あまりの衝撃に木剣は根元から粉砕され、両腕に響く衝撃は先ほどの比ではない。
やはり、レイ本人をしても最初の一撃はまぐれであり、努力ともいえない多少の努力では、決して埋まることのない生まれながらにしてある差を埋めることはできないのかと悟りながら腰から崩れ落ちていく。
「ぁぐ……!!」
腰が引け、木片が舞う視界の中で、レイの目は続くシュウの動きを捉えていた。
剣が折れたのに。
戦闘不能だと言うのに、シュウは攻撃の手を止める様子はない。
ざり、という砂利が擦れる音に遅れて、シュウが踏み込んだ足とは逆の足を、腰のひねりだけでもって前に出す。
その足が伸びて届く先は、レイの腹で。
「――かはッ!?」
シュウの足裏がレイの腹部に、まるで突き刺さったかのような衝撃をもたらす。
そうしてただ空気が漏れた音だけを残して、その場につくはずだった腰から体をくの字に曲げて後方へ飛んでいく。

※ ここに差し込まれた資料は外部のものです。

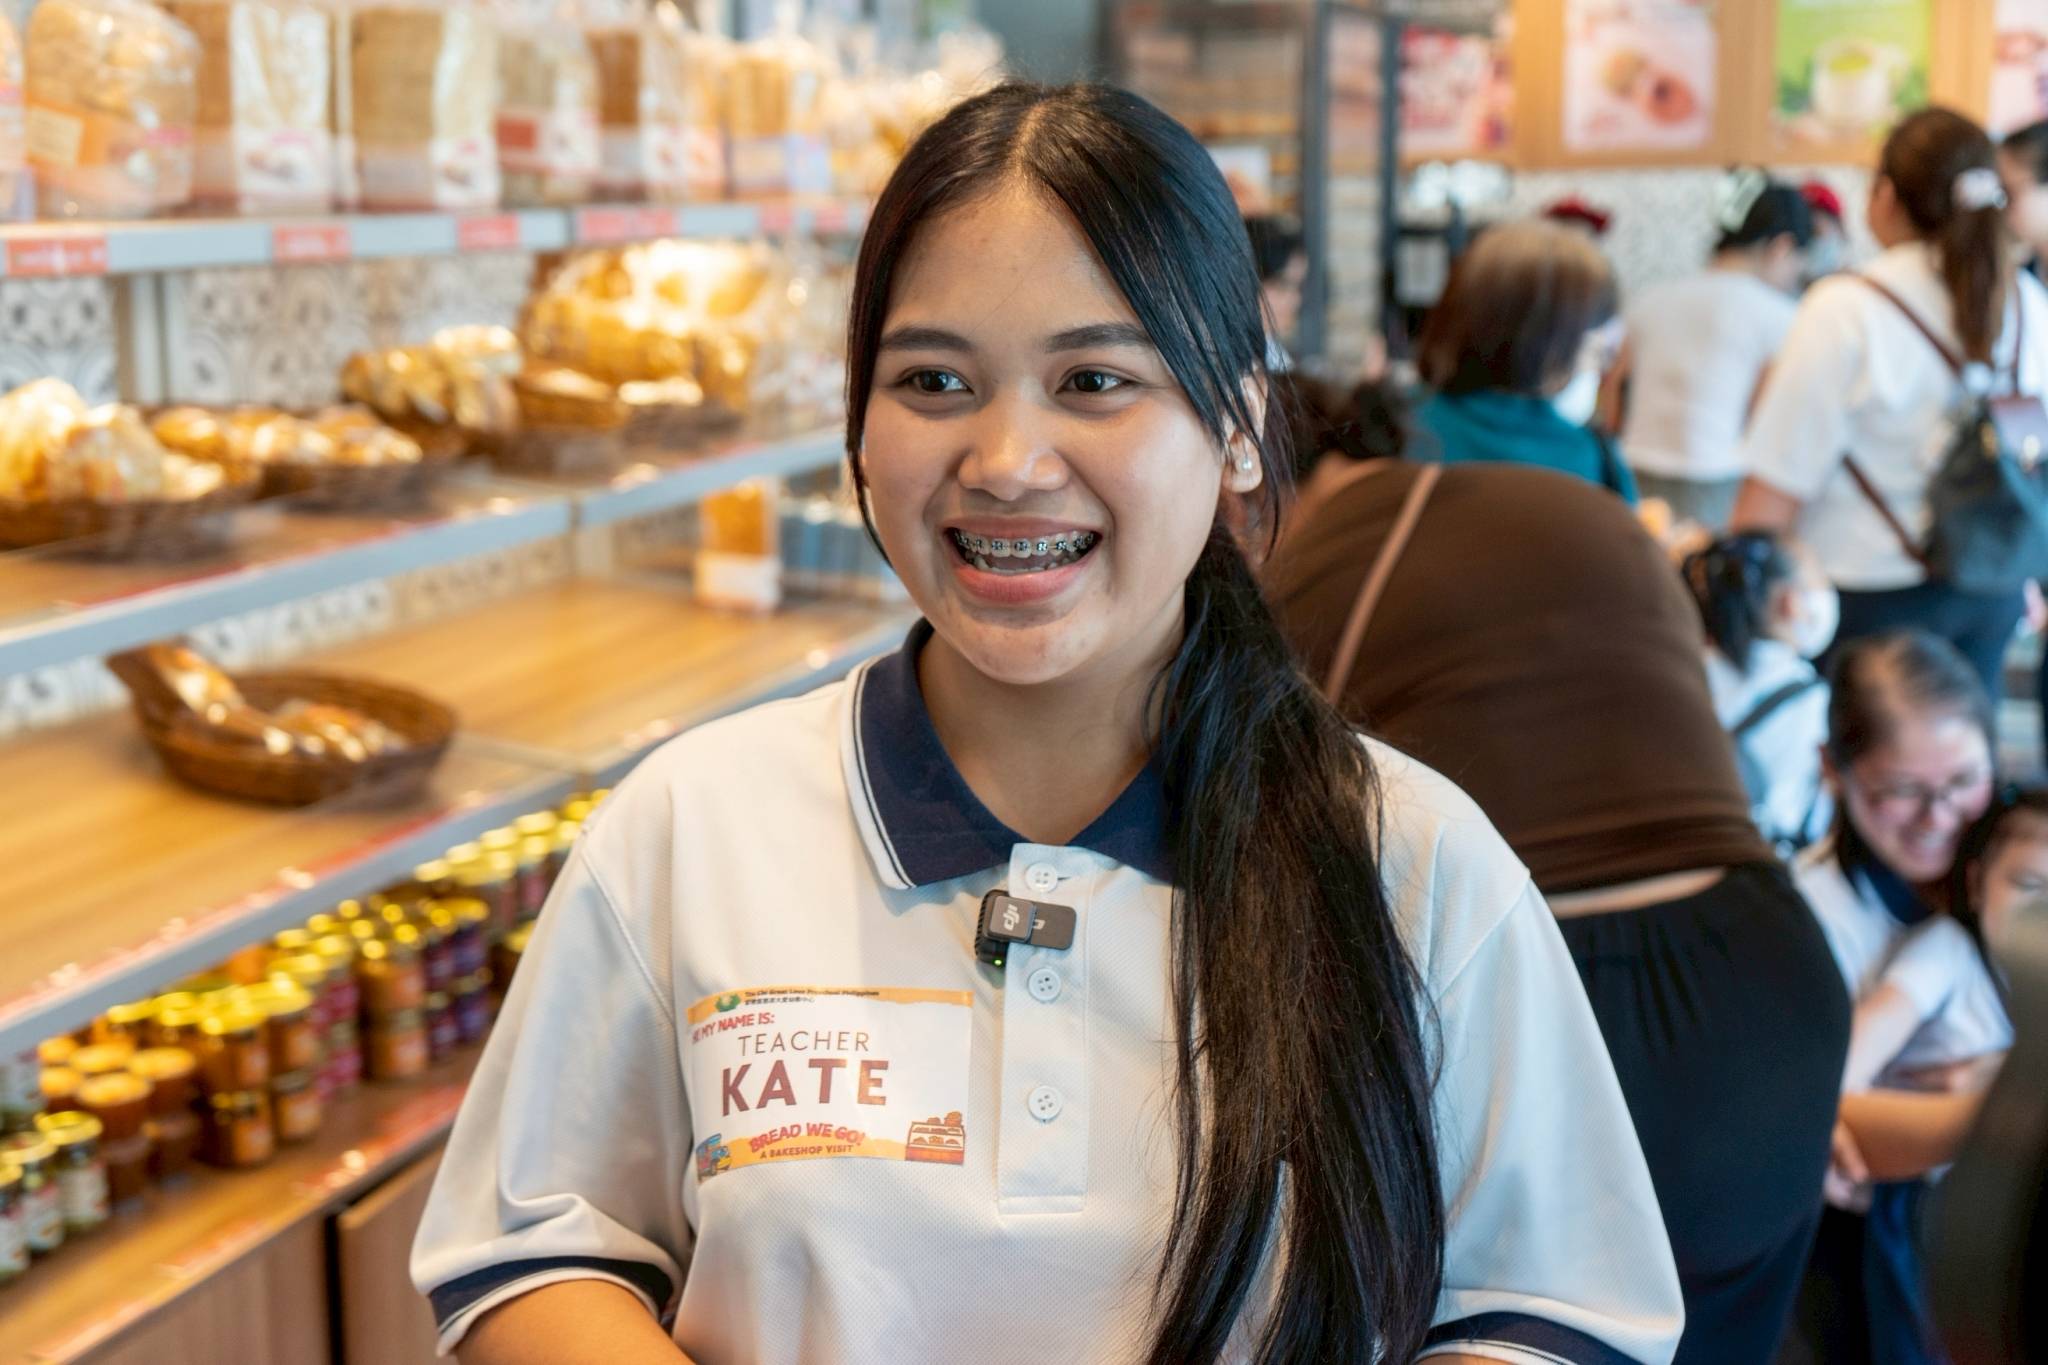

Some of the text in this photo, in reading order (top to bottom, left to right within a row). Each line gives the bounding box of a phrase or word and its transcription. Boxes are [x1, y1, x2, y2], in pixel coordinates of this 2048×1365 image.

[702, 1022, 716, 1038] MY
[718, 1014, 754, 1032] NAME
[758, 1012, 775, 1025] IS:
[738, 1031, 870, 1056] TEACHER
[722, 1058, 889, 1117] KATE
[749, 1122, 866, 1152] BREAD WE GO!
[760, 1144, 855, 1159] A BAKESHOP VISIT
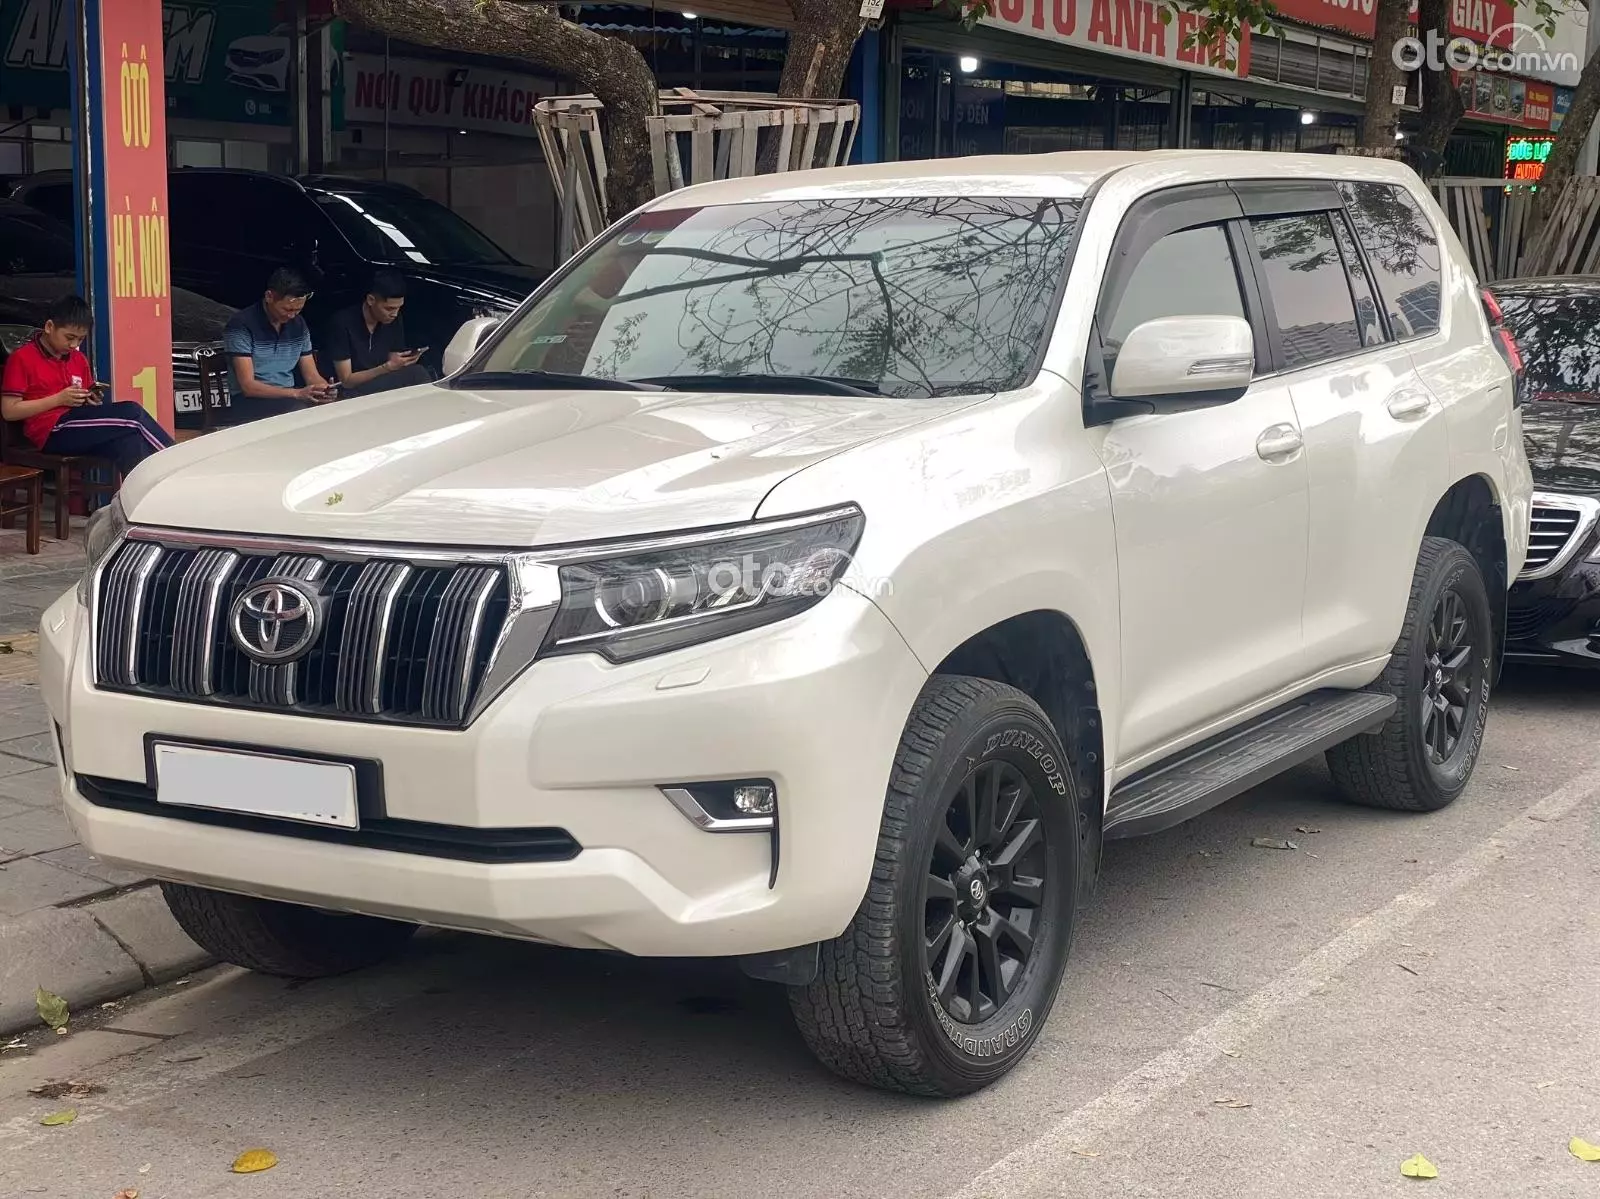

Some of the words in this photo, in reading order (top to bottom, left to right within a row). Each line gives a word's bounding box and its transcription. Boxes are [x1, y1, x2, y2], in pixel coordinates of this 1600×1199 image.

[1088, 0, 1166, 58] ANH
[120, 42, 150, 149] ÔTÔ
[113, 195, 137, 298] HÀ
[138, 197, 167, 317] NỘI
[132, 366, 158, 423] 1
[982, 729, 1066, 796] DUNLOP

川辺に近い田んぼに落ちると、口の中に泥の味が広がっていく。
アカリの悲鳴も、取り巻きたちの唖然とした表情も、レイの目にも耳にも届かない。
見えているのは、自分の胸部を足裏で押さえつけてもう一度木剣を振りかぶるシュウの姿。
刃のない模擬剣だとしても、重みのある木剣でなら容易に人を殴り殺せる。
――その気に食わない目の一つや二つを、潰すことだって可能なのだ。
「――レイっ、レイ……っ!!」
「シュウ君、それ以上は――」
試合と言えど、人を殺すことは何があってもご法度である以上、さしもの取り巻きたちも焦った様子で止めに入ろうとした直後、シュウには声が届かないのか、持ち替えた木剣がレイの瞳めがけて振り下ろされる。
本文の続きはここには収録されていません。